• [Problem details]: Take the line with "this 1280×1706 image." and all lines after it, through the end of the records below, and repeat them exactly.

··· Supplied material

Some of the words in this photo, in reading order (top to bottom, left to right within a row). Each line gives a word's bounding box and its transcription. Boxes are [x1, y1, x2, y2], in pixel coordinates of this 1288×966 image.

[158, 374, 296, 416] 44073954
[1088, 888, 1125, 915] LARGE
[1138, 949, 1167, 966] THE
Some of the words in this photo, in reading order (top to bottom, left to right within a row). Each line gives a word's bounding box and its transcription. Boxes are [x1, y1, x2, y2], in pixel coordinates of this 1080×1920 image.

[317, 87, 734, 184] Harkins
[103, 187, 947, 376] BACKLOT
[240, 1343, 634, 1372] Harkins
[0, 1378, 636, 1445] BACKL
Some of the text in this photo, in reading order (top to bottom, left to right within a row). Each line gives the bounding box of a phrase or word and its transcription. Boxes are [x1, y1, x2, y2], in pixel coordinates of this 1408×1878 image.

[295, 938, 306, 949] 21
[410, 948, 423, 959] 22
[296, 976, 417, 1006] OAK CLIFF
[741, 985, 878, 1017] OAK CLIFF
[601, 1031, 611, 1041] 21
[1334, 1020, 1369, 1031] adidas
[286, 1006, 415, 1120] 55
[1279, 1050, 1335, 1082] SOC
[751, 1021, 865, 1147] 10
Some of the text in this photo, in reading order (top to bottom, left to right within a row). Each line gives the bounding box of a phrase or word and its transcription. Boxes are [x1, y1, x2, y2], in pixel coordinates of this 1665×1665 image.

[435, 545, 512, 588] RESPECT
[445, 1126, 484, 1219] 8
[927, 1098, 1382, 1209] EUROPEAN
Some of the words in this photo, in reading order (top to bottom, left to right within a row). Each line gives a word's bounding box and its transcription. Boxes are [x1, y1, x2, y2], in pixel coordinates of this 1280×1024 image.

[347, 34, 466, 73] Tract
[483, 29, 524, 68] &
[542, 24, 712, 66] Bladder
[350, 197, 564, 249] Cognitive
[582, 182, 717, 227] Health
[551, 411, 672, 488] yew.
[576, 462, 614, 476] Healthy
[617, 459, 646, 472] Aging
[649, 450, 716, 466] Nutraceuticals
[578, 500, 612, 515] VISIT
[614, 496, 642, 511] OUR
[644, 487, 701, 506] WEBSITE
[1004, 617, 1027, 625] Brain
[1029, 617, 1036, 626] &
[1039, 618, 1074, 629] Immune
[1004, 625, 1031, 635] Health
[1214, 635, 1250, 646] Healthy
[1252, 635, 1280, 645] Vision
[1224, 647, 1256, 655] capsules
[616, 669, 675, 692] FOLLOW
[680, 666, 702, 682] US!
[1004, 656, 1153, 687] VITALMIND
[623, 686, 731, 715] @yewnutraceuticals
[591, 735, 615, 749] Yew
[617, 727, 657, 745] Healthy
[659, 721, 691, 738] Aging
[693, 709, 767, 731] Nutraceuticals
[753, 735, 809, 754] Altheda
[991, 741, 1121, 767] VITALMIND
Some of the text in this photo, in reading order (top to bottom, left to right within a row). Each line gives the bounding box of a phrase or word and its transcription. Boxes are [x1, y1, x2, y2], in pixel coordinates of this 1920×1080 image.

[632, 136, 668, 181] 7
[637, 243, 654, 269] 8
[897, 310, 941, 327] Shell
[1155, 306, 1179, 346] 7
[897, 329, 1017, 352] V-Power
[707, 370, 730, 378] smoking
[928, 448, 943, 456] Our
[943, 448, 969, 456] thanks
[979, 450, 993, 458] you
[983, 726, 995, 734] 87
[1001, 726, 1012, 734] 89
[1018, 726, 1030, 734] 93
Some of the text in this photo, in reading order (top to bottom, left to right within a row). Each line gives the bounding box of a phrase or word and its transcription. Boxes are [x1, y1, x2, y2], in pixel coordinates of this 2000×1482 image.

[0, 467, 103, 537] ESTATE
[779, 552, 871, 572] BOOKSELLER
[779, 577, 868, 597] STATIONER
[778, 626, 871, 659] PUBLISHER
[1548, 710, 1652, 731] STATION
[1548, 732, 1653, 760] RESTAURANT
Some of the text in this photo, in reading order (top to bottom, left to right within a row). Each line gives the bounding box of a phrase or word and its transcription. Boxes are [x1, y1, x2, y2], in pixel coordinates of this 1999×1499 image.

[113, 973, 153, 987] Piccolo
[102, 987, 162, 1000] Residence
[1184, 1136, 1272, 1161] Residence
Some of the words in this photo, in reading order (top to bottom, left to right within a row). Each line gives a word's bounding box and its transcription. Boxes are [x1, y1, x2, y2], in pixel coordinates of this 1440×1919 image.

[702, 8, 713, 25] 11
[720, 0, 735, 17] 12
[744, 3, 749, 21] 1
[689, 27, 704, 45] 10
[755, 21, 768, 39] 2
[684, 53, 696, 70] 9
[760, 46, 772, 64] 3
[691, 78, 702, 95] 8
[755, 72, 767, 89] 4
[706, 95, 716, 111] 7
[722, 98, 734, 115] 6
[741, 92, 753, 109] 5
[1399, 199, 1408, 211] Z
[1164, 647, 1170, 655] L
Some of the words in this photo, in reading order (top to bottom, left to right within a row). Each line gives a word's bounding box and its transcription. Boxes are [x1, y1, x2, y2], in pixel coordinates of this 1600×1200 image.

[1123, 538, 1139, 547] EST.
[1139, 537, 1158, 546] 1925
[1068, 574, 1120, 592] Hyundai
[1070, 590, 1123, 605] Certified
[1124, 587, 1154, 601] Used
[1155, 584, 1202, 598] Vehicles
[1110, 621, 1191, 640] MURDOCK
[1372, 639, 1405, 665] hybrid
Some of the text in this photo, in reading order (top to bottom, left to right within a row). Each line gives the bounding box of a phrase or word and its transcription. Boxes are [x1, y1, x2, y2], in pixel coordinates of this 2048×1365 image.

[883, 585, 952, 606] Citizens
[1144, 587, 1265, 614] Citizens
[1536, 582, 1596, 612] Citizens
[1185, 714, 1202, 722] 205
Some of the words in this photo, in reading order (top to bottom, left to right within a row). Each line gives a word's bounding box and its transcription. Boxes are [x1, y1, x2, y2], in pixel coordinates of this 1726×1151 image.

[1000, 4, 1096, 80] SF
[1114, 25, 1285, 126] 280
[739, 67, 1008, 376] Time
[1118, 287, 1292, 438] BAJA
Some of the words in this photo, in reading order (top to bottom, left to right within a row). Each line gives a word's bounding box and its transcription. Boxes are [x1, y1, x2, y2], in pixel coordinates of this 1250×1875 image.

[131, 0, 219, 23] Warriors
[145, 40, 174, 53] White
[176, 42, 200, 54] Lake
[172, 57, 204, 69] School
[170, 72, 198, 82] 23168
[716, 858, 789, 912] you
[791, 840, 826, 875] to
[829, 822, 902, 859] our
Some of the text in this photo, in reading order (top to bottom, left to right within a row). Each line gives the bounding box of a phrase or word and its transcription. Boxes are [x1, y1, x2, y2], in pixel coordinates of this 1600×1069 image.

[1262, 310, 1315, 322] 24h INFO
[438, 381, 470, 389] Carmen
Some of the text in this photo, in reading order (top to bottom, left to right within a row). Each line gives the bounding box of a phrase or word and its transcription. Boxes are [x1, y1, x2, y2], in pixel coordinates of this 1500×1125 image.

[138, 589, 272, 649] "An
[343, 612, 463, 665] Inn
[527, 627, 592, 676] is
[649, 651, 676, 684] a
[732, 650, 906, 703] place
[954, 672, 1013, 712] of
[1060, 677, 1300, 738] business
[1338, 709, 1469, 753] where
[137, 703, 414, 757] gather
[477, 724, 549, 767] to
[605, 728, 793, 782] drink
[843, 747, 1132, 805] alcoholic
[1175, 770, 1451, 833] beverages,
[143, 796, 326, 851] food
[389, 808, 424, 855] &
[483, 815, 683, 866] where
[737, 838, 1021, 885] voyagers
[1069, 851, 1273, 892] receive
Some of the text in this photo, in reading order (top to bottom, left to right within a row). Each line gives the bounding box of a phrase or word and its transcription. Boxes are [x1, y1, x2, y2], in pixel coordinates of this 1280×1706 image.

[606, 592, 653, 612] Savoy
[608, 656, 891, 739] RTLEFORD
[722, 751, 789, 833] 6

······

• [Answer to the problem]:
Some of the text in this photo, in reading order (top to bottom, left to right within a row). Each line gives the bounding box of a phrase or word and its transcription. Boxes are [x1, y1, x2, y2], in pixel coordinates of this 1280×1706 image.

[606, 592, 653, 612] Savoy
[608, 656, 891, 739] RTLEFORD
[722, 751, 789, 833] 6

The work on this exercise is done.